Tyra Biosciences completed a block trade of 4 million shares of its common stock at $31.50 per share, generating $126 million in gross proceeds. The transaction was executed under the company’s existing at‑the‑market offering program, which is registered on Form S‑3 and governed by a prospectus dated May 16, 2025.
The equity raise provides the clinical‑stage biotechnology firm with additional liquidity to fund its pipeline and extend its operating runway. With $256 million in cash, cash equivalents and marketable securities on December 31, 2025, the company expects the new capital to support operations through at least 2027.

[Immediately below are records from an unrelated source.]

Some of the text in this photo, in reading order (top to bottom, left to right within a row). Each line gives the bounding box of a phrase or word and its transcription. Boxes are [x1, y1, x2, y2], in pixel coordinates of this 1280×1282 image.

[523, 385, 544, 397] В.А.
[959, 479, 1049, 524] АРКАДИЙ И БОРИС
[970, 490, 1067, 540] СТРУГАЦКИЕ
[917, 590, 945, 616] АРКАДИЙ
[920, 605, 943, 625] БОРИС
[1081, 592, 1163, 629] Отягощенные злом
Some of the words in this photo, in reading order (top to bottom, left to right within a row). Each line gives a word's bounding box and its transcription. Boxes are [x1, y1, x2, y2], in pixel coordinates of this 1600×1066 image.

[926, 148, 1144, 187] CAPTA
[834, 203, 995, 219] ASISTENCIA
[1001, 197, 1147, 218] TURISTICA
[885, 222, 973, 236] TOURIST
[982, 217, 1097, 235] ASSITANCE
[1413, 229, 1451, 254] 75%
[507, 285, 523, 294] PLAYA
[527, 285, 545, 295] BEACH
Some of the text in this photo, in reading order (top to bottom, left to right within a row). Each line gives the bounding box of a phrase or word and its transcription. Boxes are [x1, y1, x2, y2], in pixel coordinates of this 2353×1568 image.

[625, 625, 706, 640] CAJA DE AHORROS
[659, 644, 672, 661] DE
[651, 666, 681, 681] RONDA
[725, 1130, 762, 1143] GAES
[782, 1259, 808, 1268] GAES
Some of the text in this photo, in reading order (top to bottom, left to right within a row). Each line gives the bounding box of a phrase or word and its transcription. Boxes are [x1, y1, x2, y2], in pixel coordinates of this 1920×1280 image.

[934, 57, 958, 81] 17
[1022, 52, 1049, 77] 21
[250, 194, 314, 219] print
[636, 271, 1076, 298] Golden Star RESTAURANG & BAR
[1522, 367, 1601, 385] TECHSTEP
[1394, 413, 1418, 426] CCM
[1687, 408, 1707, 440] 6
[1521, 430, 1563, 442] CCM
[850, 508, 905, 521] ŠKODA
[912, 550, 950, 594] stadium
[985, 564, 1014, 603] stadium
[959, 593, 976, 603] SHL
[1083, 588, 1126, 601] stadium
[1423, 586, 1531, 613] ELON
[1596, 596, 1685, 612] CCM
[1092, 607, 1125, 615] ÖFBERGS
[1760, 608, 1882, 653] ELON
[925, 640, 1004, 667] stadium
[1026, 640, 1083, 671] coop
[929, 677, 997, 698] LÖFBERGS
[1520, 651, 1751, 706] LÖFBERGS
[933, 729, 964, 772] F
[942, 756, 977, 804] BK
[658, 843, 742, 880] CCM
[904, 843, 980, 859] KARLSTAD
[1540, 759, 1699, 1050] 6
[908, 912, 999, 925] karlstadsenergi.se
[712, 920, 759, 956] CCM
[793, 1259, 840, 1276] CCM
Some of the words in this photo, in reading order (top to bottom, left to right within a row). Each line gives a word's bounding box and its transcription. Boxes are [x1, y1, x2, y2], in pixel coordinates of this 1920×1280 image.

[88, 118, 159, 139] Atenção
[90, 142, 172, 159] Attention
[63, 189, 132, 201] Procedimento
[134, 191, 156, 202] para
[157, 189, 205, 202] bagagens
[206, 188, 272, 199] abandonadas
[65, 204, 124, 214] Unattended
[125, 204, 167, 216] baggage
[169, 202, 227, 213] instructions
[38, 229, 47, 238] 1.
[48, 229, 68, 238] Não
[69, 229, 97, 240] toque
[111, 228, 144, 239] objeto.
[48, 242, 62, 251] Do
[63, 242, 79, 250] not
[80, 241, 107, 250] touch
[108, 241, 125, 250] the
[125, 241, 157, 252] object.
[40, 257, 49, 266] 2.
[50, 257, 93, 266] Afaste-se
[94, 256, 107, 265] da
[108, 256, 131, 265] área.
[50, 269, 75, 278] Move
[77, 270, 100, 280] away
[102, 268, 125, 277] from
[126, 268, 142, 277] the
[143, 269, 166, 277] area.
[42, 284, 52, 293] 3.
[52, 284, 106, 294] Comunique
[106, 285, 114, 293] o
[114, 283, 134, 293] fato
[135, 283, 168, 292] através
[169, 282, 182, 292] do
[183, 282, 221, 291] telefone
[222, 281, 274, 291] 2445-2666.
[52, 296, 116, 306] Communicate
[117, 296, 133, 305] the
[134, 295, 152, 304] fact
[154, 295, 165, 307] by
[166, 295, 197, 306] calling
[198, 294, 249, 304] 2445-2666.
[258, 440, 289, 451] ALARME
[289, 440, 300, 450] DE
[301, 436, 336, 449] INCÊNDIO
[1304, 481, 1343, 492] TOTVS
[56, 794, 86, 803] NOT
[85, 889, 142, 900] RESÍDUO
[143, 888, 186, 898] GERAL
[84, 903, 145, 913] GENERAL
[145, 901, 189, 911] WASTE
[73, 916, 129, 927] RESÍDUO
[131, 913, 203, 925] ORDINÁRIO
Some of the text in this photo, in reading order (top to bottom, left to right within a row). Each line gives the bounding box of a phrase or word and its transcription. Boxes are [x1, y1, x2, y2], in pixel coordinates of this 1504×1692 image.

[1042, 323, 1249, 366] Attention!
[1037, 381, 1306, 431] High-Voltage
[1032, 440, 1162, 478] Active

Tyra’s fourth‑quarter 2025 results showed a net loss of $33.8 million, compared with a $119.9 million loss for the full year. The company’s focus remains on developing dabogratinib, an oral FGFR3 inhibitor, through a “dabogratinib 3x3” strategy that targets three Phase 2 programs.
CEO Todd Harris, Ph.D., said, “At TYRA, we are following the science.” The statement underscores the company’s commitment to advancing its lead candidate while managing the high costs associated with clinical development.
Market reaction to the financing was muted as investors weighed the company’s valuation relative to its pipeline. The equity raise is a significant capital structure change that strengthens Tyra’s balance sheet and reduces near‑term financing risk.